Evidence for how serious this was for Frankish communities in the crusader states can perhaps be seen in the existence of an orphanage in twelfth century Jerusalem established by the Order of St John. It was a major institution and an exceptional one. Orphanages are common today but were less so in the Middle Ages, not because there were fewer orphans but because there were fewer welfare foundations in general. Where they do exist, they might be read on the positive side as evidence of a society that has developed an understanding of the need to care for its downtrodden. On the negative side they can be seen as evidence of a society that has a great many poor, many parents who cannot care for their children, and many children with no parents at all. Italy had some of the earliest such institutions. In 1198, Pope Innocent III expressed his concern about the growing number of infants being thrown in the Tiber by mothers unable to look after them. In 1212 a foundling home, the San Spirito hospital, was established in Rome and at the same time, openings with cribs known as foundling wheels, where women could leave their unwanted children rather than disposing of them in the river, were installed in the doors of churches and hospitals.

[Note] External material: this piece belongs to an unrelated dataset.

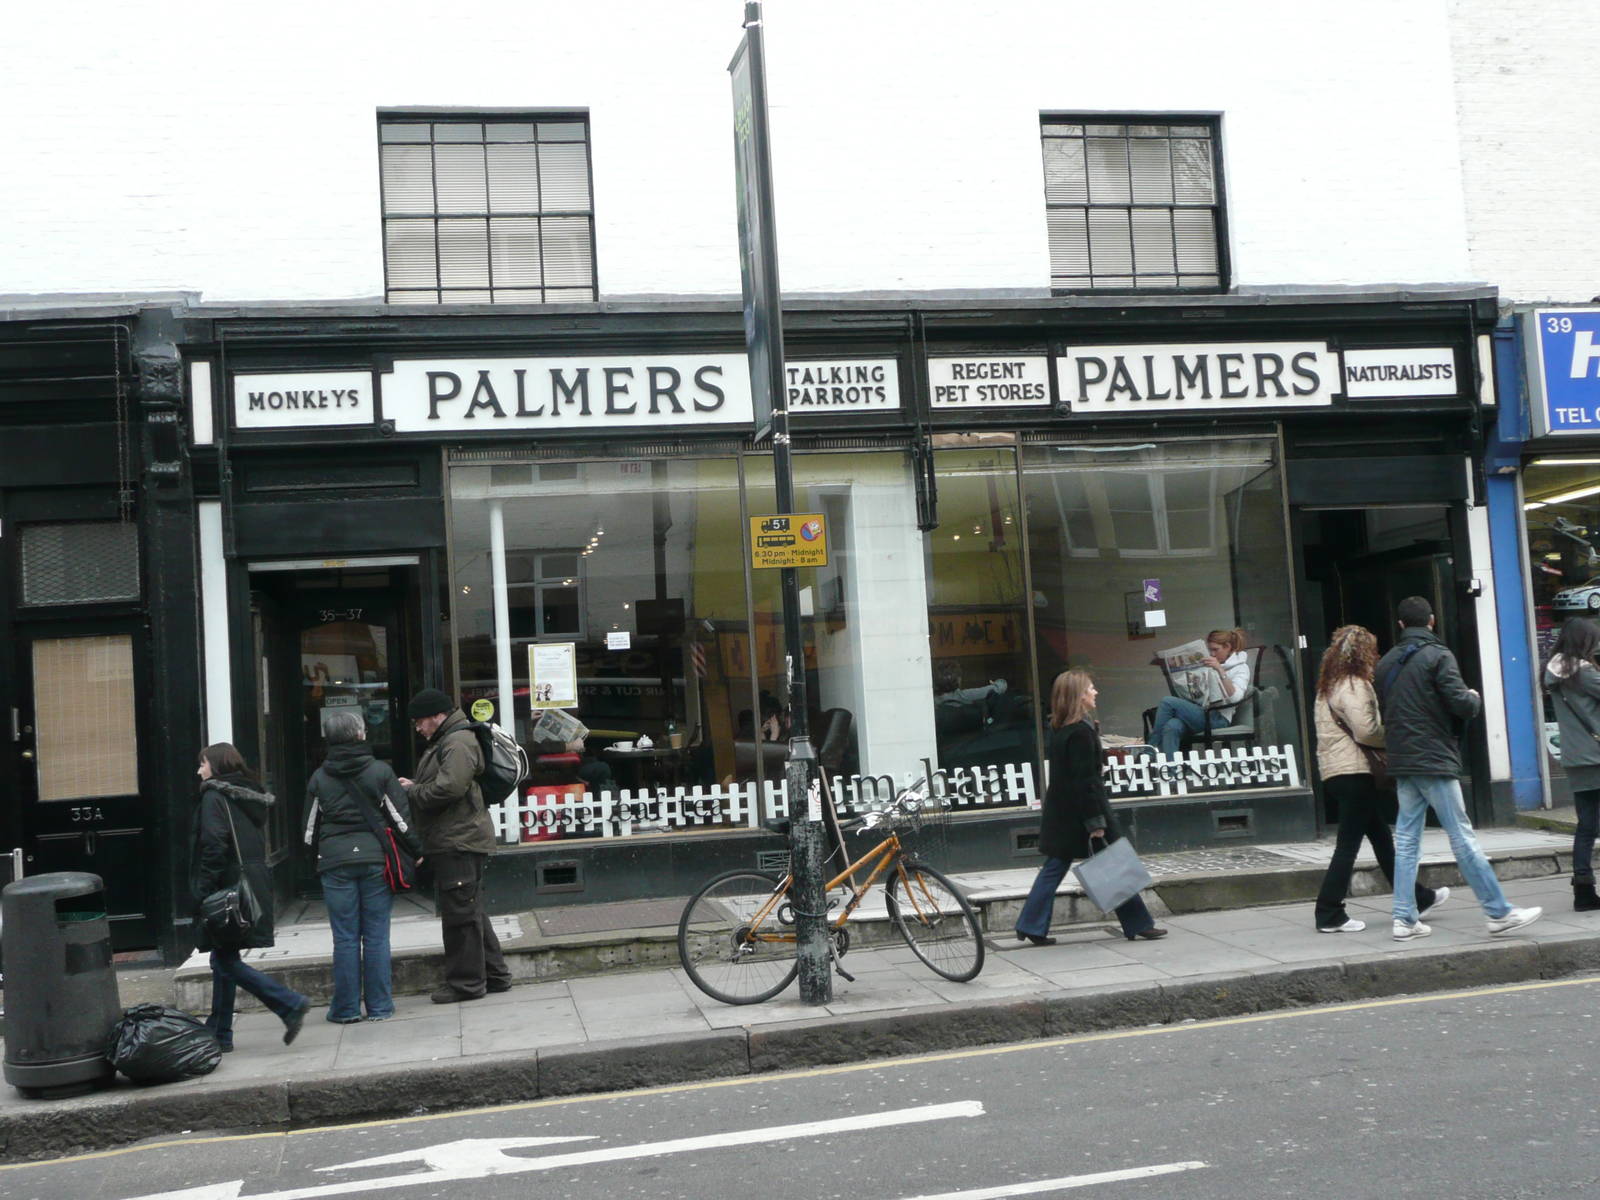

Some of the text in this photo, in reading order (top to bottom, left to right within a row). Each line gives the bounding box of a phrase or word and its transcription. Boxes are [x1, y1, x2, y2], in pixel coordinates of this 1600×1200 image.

Perhaps the Jerusalem orphanage preceded the Italian ones in this. In a paper examining a twelfth century treatise describing the Jerusalem hospital, Benjamin Kedar briefly refers to the orphanage.* He notes that a statute in the Hospitaller rule contains the charge of the hospital to receive and nourish all infants cast away by their parents. The anonymous German monk who authored the text mentions little children brought to the hospital by their mothers or whoever found them, mothers with their foreheads covered so as to remain anonymous when depositing their children, and mothers of twins who kept one but abandoned the other at the hospital. The children became known as the filii beati Iohannis.
*Benjamin Z. Kedar, "A Twelfth Century Description of the Jerusalem Hospital", in Helen Nicholson, ed., The Military Orders, vol. 2, Welfare and Warfare, Aldershot U.K. and Brookfield, U.S.A., 1998, p. 6.